Tuesday, October 7, 2008

Expanation of the financial circus

My mom sent me this one, and I thought I'd put the whole thing on here for all of you so you don't have to log in to the New York Times website, if they ask you to do that.

This seems to be a fairly unbiased article, and it's fair to say everyone got too excited at the same time, Dems and Republicans both. I have also seen that people are trying to nail McCain with it because of his role in the Savings and Loan Scandal, but like this one, it seems to me everyone had a hand in that one, too. The only reason Obama doesn't is because he was still in school at the time, I believe. That's not exactly fair, now is it?

In any case, here is the article that explains a few things, and as a side note, I am laughing into my sleeve, because all the banks that deal with us are the ones that are failing. I'm not sure what that says about us. Countrywide has our mortgage (they bought it from the lender we actually dealt with, and ours was a first time homebuyer loan, but we are not defaulting, nosirreee!). Wachovia has our car loan, which we hope to pay off by Christmas. Wells Fargo is our regular bank.

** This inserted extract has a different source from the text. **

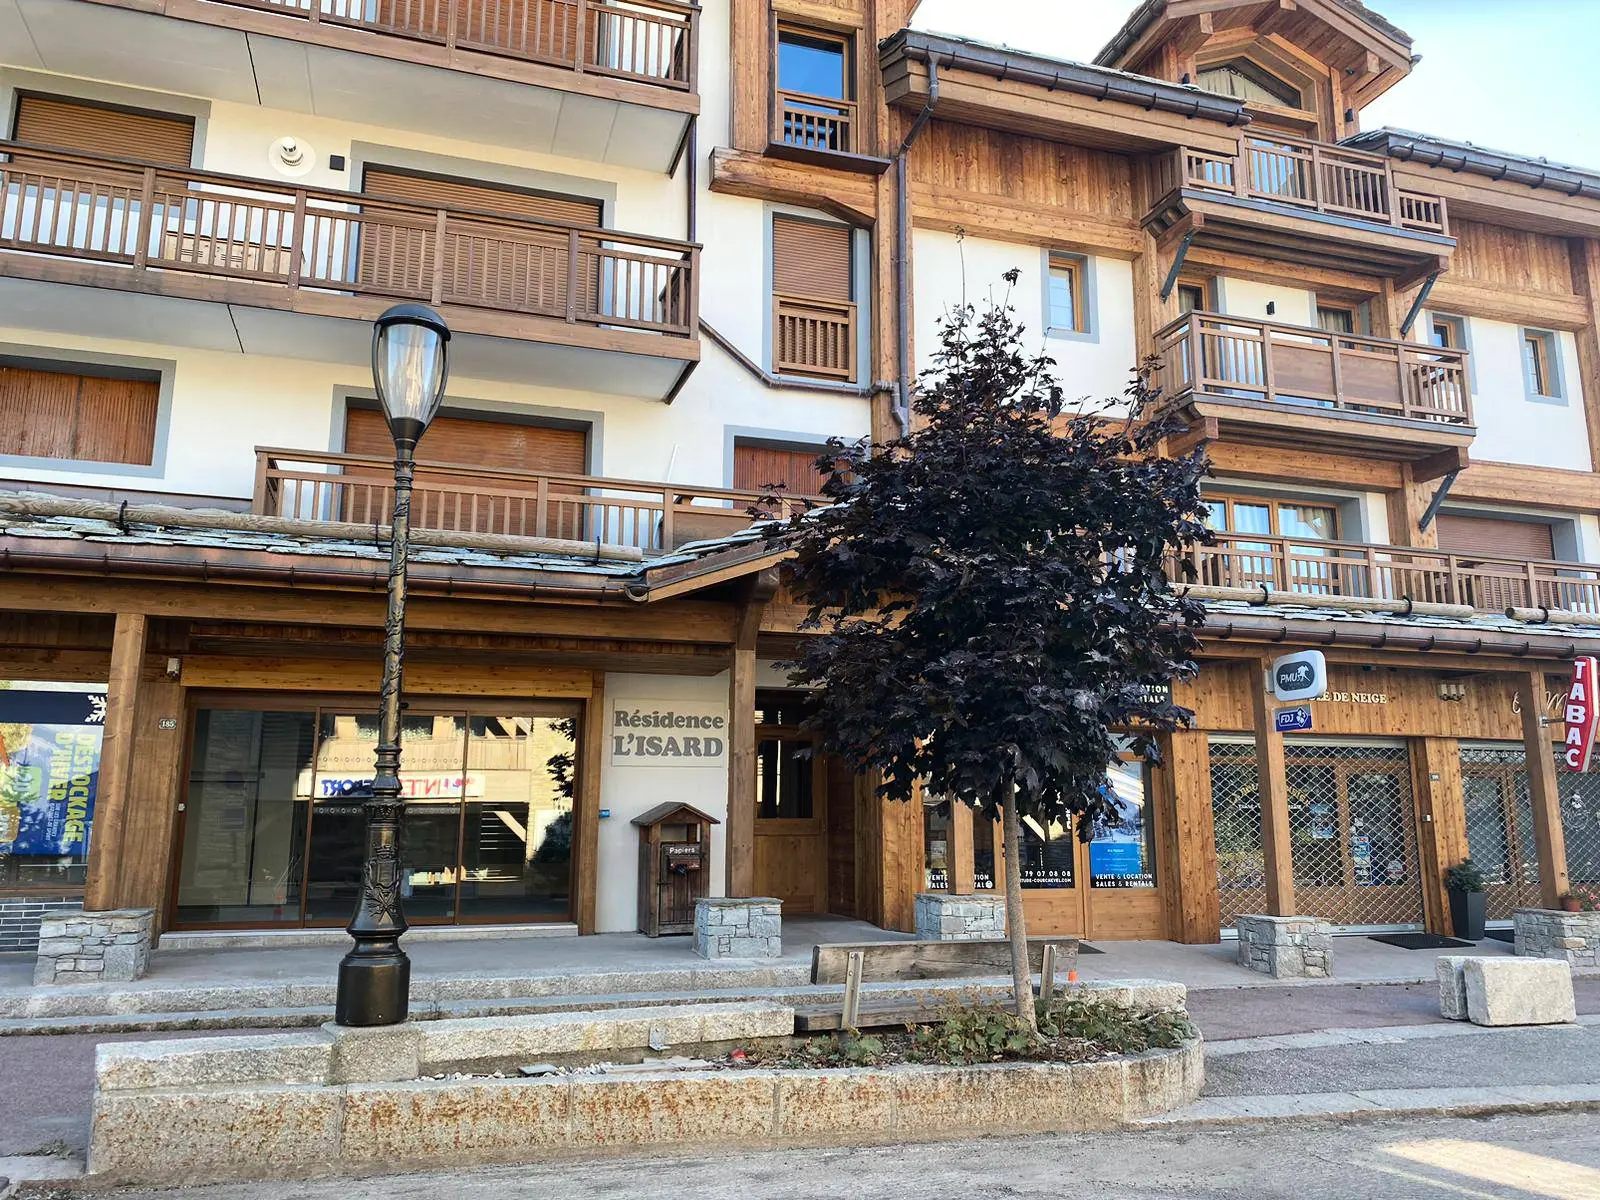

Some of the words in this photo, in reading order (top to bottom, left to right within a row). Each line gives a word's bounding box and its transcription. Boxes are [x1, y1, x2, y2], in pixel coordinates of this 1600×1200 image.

I'd say, go with credit unions, and if gold dips lower, buy it.


October 7, 2008
Talking Business
A Day (Gasp) Like Any Other
By JOE NOCERA

Is it ever going to end?

We woke up Monday morning, all of us, hoping for the best but bracing for the worst. The federal government’s $700 billion bailout package had been passed into law, which offered hope of a respite from this unrelenting crisis — or at least a chance to catch our breath.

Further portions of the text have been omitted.